Randy had arrived like a storm at midnight.  He told them they had twenty minutes to pack whatever they wanted to take because they wouldn’t be coming back.  He backed up his big truck and loaded whatever Wilma or Cassie could carry out of the house.

Wilma insisted on her portable sewing machine, trunks of fabric and sewing supplies.  When Randy announced enough, she packed two bags of clothes.  With the time left, she emptied canned goods from the kitchen into a laundry basket and grabbed a large blue enamel pot with all her canning supplies.  She hurried to the garage and retrieved six boxes of assorted sizes of canning jars.
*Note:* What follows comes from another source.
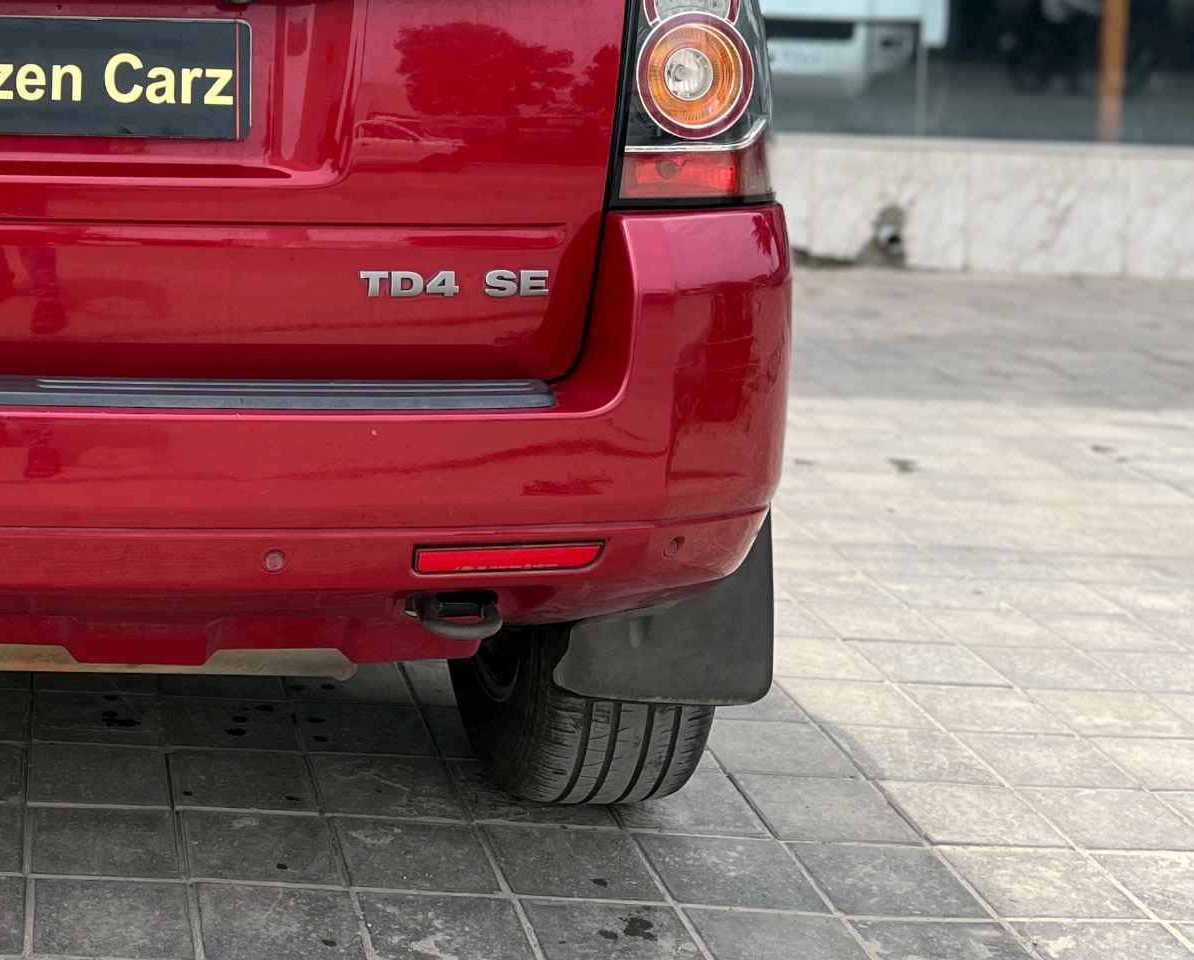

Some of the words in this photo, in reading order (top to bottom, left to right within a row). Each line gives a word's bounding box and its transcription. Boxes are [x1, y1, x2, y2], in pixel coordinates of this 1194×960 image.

[104, 52, 234, 105] Carz
[359, 270, 459, 297] TD4
[484, 269, 550, 297] SE
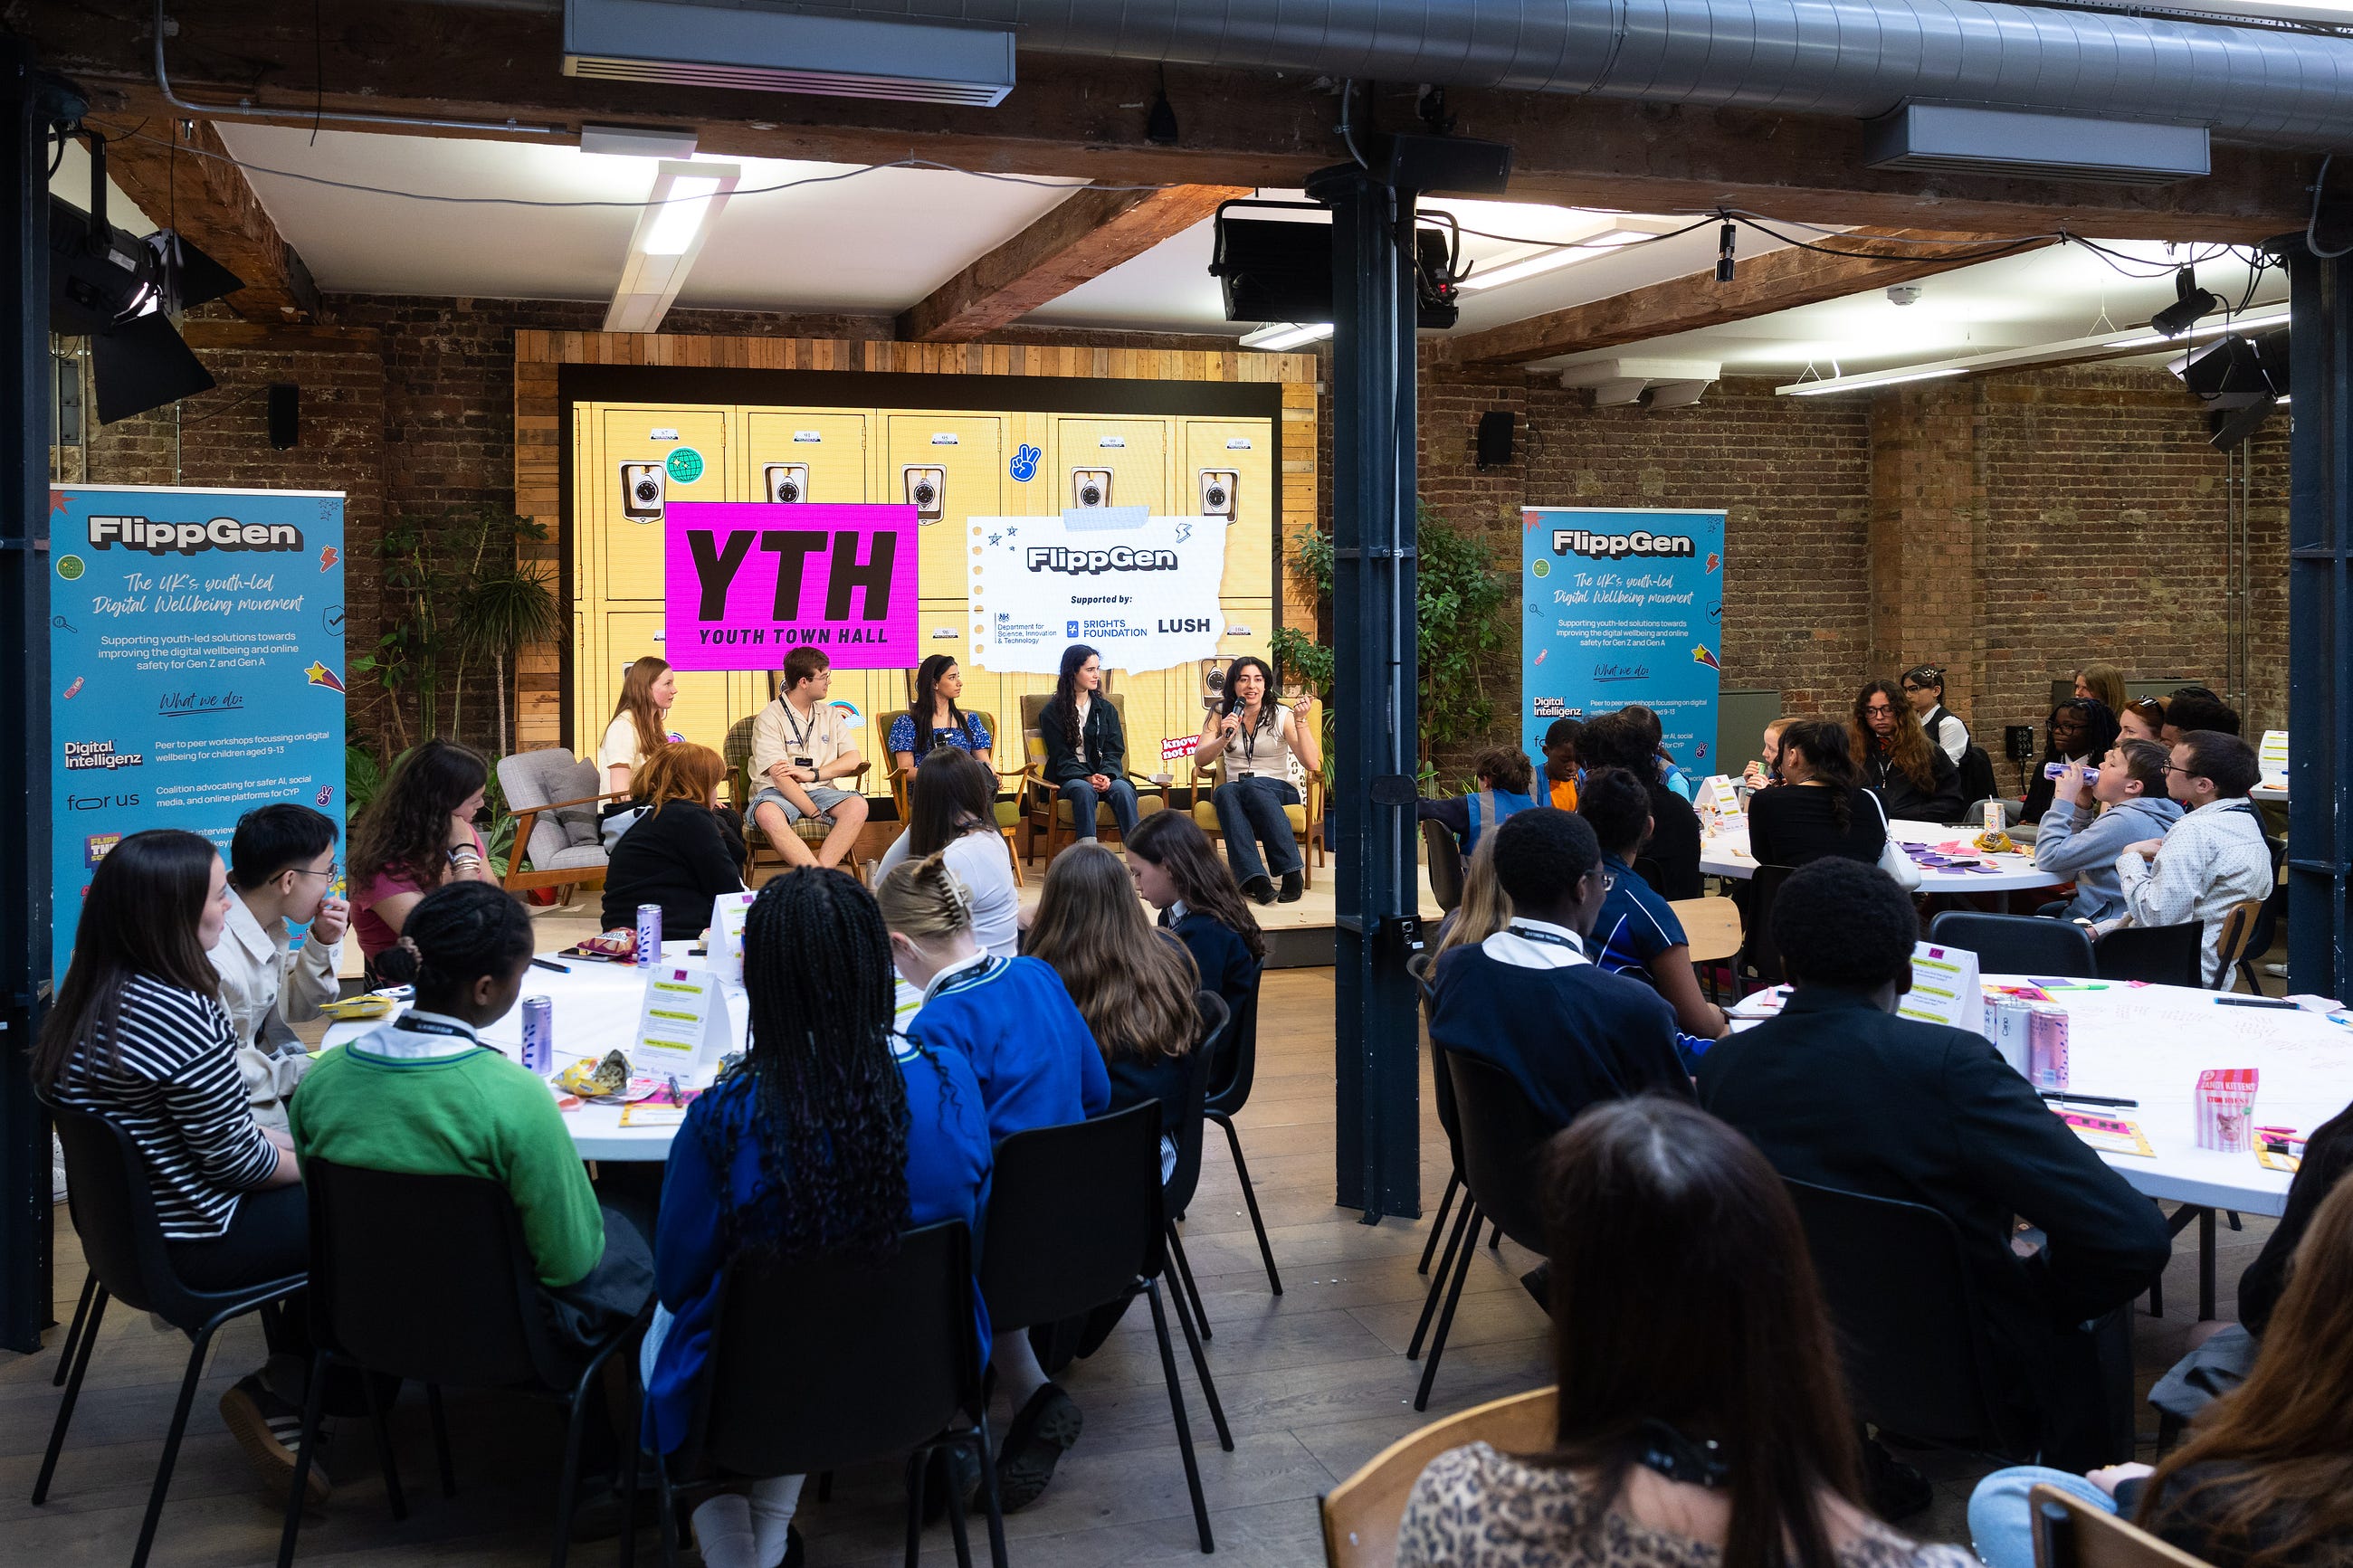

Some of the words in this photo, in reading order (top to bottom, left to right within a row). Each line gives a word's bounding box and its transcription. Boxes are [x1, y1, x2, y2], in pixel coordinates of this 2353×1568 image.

Cassie spent her time packing up her laptop, printer and paper supplies.  She pulled quilts from the beds and linens from the hall closet.  It took a bit of convincing to get Randy to load the massive cedar chest from Cassie’s room, but with it headed for the truck she packed her own clothes then cleared the bathrooms and cabinets of shampoos and OTC medications.

When Randy ushered them out of the small house in West Houston, it looked like a storm had hit the inside.  They got in the truck and Randy cranked the diesel engine.  He headed west on the back streets and ended on the narrow two-lane blacktop roads that wound through country roads through southwest Texas.  Randy drove finally stopped in Dryden at a fast food place that still had Internet access.

Cassie sent an email to her sister then used the computer to pull up news programs and social media to see accounts of attacks that began on the southeast side of Houston and rolled over the city like a wave.  She tried calling and texting her sister but cell service was sketchy at best this far from the big city.